WHAT TO DO:
Would you retype the whole listing verbatim, keeping pictures out of it?

---------- RAW DATA

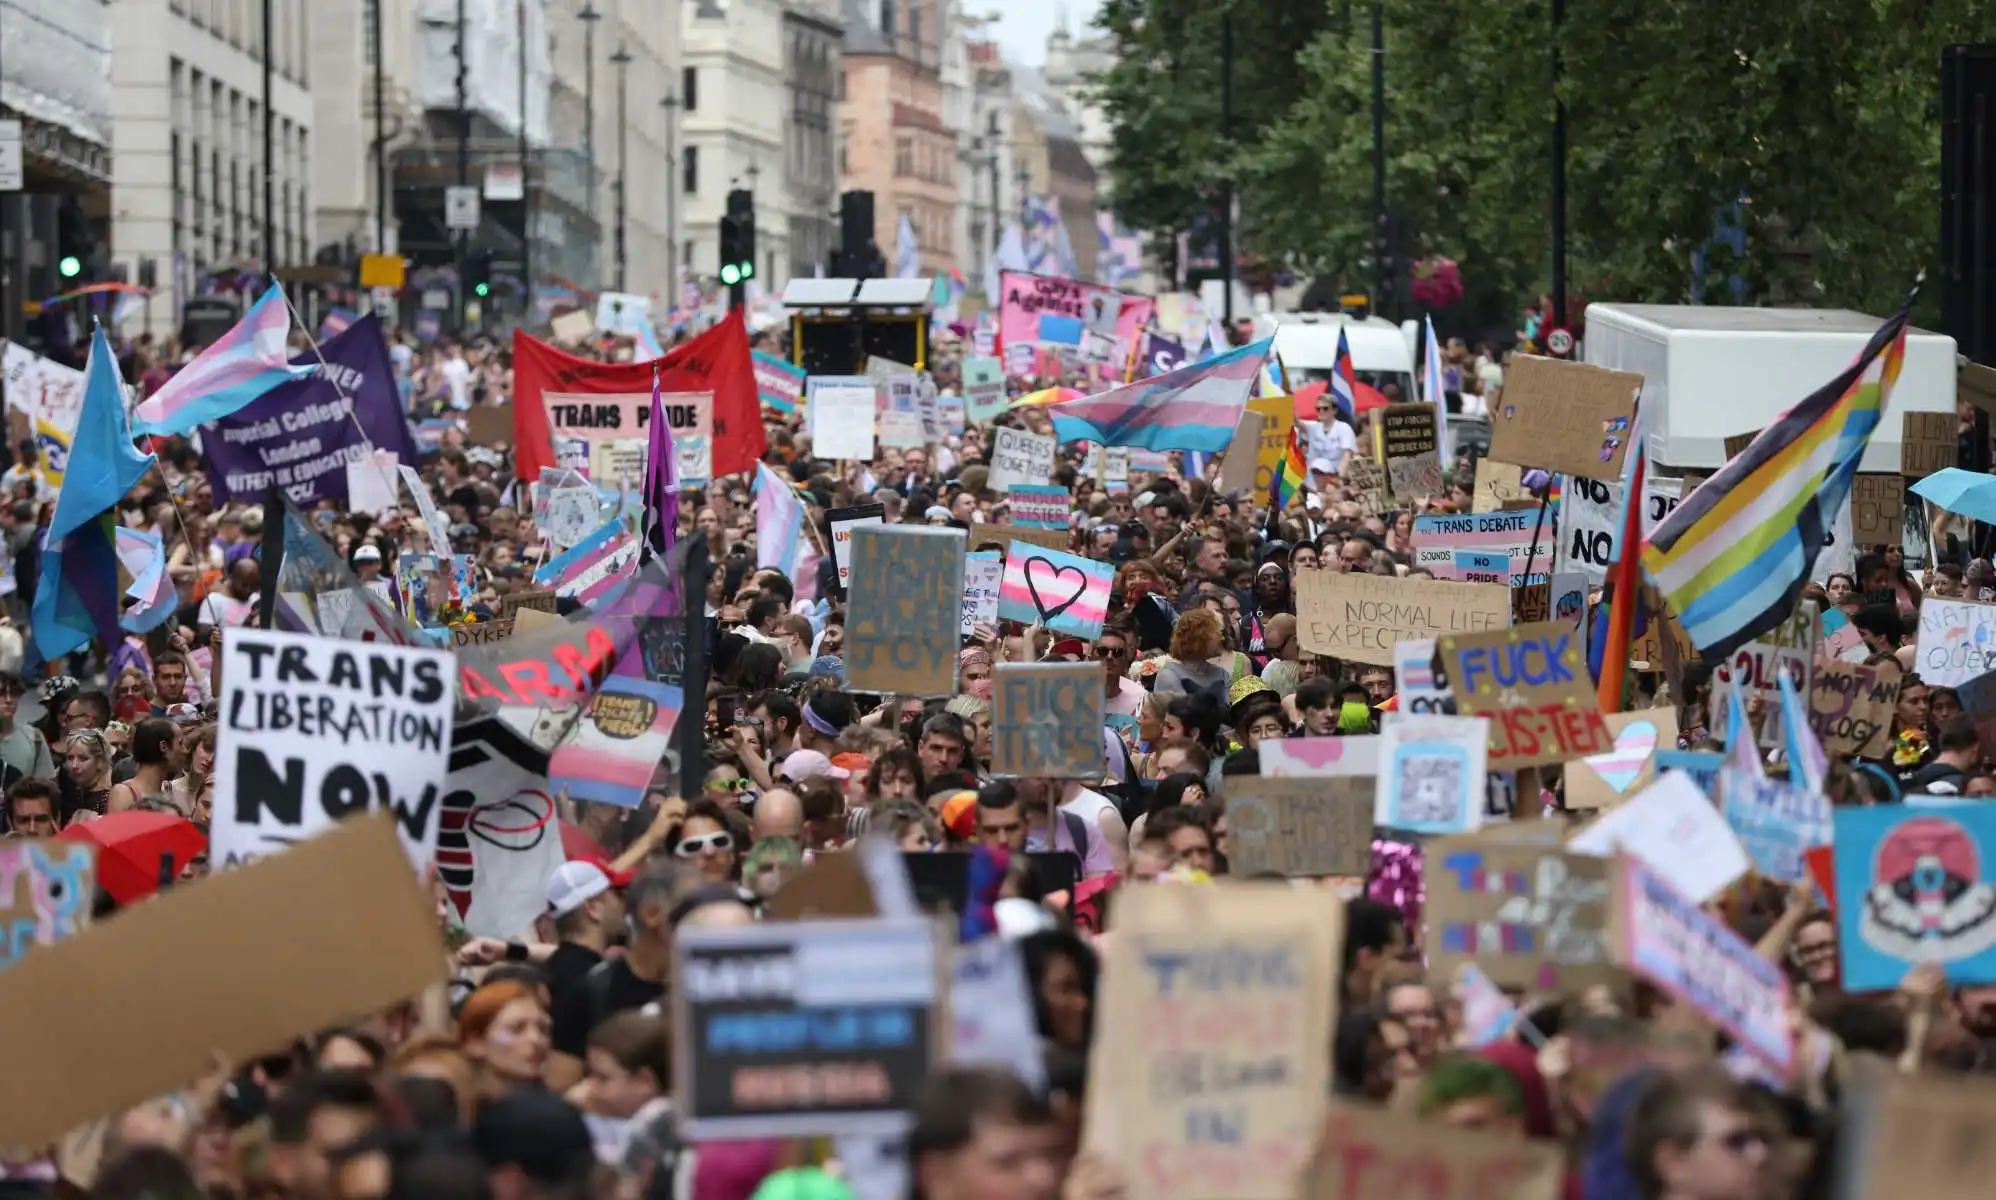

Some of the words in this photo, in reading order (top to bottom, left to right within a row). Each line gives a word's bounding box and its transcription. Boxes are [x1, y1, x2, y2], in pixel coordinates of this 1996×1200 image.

[282, 396, 353, 432] College
[551, 404, 621, 428] TRANS
[637, 404, 697, 428] PIDE
[258, 437, 322, 467] London
[1000, 432, 1052, 458] QUEERS
[996, 455, 1049, 478] TOGETHER
[1851, 477, 1900, 501] RANS
[1016, 506, 1065, 521] SISTER
[1421, 550, 1450, 561] SOUNDS
[1571, 528, 1613, 566] NO
[1474, 558, 1490, 567] NO
[1466, 573, 1499, 583] PRIDE
[1345, 600, 1441, 629] NORMAL
[1450, 610, 1499, 632] LIFE
[1922, 605, 1996, 632] NATU
[850, 636, 954, 676] JOY
[1458, 634, 1575, 694] FUCK
[235, 642, 445, 704] TRANS
[1819, 671, 1865, 698] NOT
[228, 689, 444, 754] LIBERATION
[235, 746, 439, 843] NOW

--------------------

RESPONSE TO THIS EXERCISE:
Some of the words in this photo, in reading order (top to bottom, left to right within a row). Each line gives a word's bounding box and its transcription. Boxes are [x1, y1, x2, y2], in pixel coordinates of this 1996×1200 image.

[282, 396, 353, 432] College
[551, 404, 621, 428] TRANS
[637, 404, 697, 428] PIDE
[258, 437, 322, 467] London
[1000, 432, 1052, 458] QUEERS
[996, 455, 1049, 478] TOGETHER
[1851, 477, 1900, 501] RANS
[1016, 506, 1065, 521] SISTER
[1421, 550, 1450, 561] SOUNDS
[1571, 528, 1613, 566] NO
[1474, 558, 1490, 567] NO
[1466, 573, 1499, 583] PRIDE
[1345, 600, 1441, 629] NORMAL
[1450, 610, 1499, 632] LIFE
[1922, 605, 1996, 632] NATU
[850, 636, 954, 676] JOY
[1458, 634, 1575, 694] FUCK
[235, 642, 445, 704] TRANS
[1819, 671, 1865, 698] NOT
[228, 689, 444, 754] LIBERATION
[235, 746, 439, 843] NOW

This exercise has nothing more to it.